(Stored records)
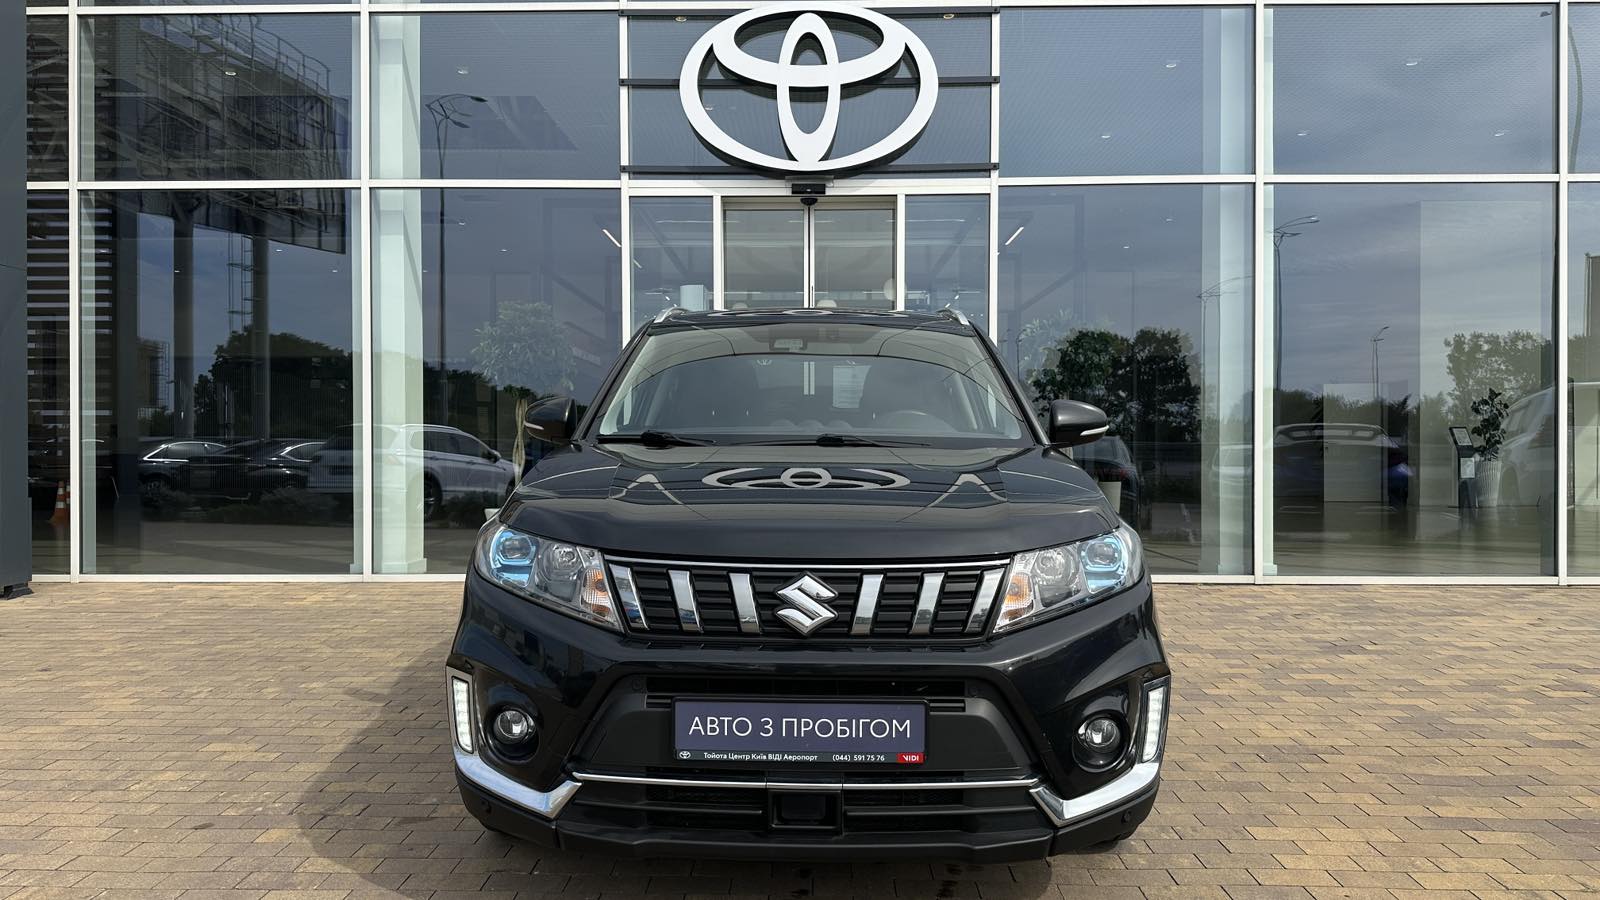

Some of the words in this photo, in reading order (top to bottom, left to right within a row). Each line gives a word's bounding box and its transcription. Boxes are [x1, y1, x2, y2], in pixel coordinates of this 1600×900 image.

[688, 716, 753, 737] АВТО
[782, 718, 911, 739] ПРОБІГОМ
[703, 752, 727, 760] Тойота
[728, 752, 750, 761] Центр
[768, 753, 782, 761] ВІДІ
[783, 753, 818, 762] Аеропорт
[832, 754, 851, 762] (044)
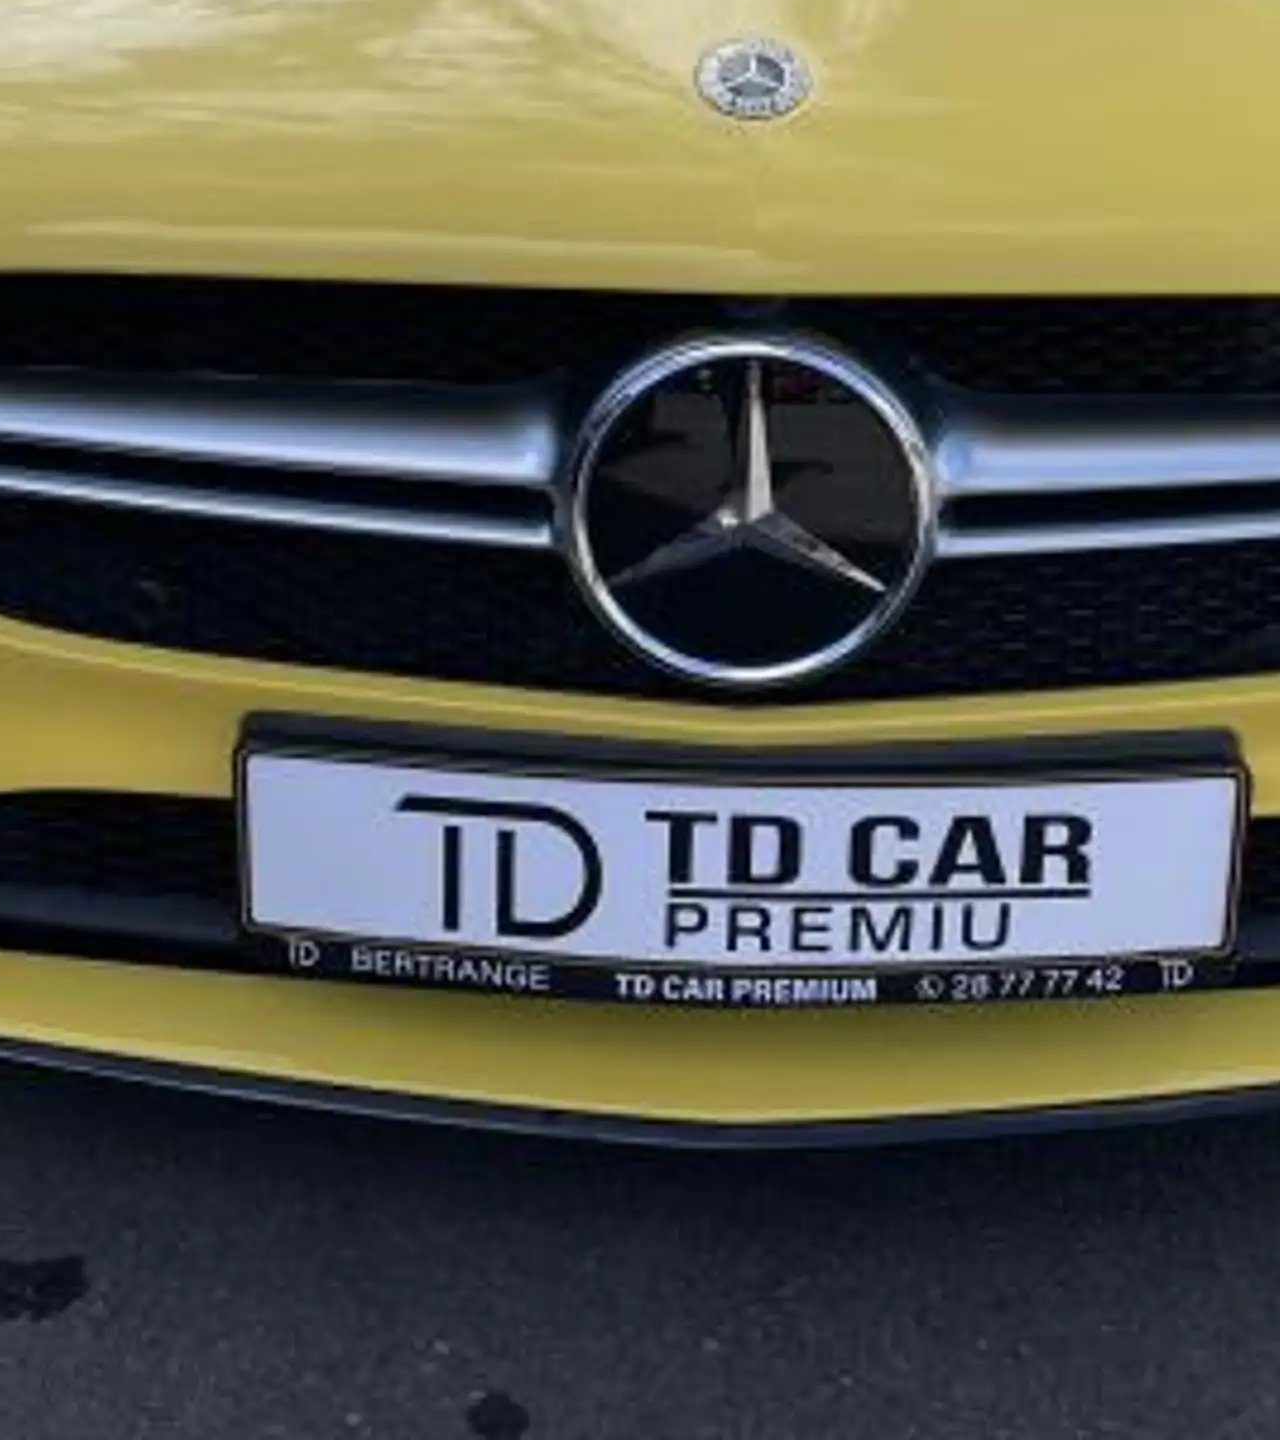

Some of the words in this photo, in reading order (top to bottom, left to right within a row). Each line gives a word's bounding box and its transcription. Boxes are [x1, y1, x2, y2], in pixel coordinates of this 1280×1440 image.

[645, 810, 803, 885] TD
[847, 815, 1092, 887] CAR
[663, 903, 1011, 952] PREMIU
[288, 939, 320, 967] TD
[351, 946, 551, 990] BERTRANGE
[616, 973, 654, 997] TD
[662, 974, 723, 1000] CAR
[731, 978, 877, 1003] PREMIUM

# [Task directions]
Skip the images and set down the rest of the data unchanged.

# [Response]
Some of the words in this photo, in reading order (top to bottom, left to right within a row). Each line gives a word's bounding box and its transcription. Boxes are [x1, y1, x2, y2], in pixel coordinates of this 1600×900 image.

[688, 716, 753, 737] АВТО
[782, 718, 911, 739] ПРОБІГОМ
[703, 752, 727, 760] Тойота
[728, 752, 750, 761] Центр
[768, 753, 782, 761] ВІДІ
[783, 753, 818, 762] Аеропорт
[832, 754, 851, 762] (044)

Some of the words in this photo, in reading order (top to bottom, left to right within a row). Each line gives a word's bounding box and its transcription. Boxes are [x1, y1, x2, y2], in pixel coordinates of this 1280×1440 image.

[645, 810, 803, 885] TD
[847, 815, 1092, 887] CAR
[663, 903, 1011, 952] PREMIU
[288, 939, 320, 967] TD
[351, 946, 551, 990] BERTRANGE
[616, 973, 654, 997] TD
[662, 974, 723, 1000] CAR
[731, 978, 877, 1003] PREMIUM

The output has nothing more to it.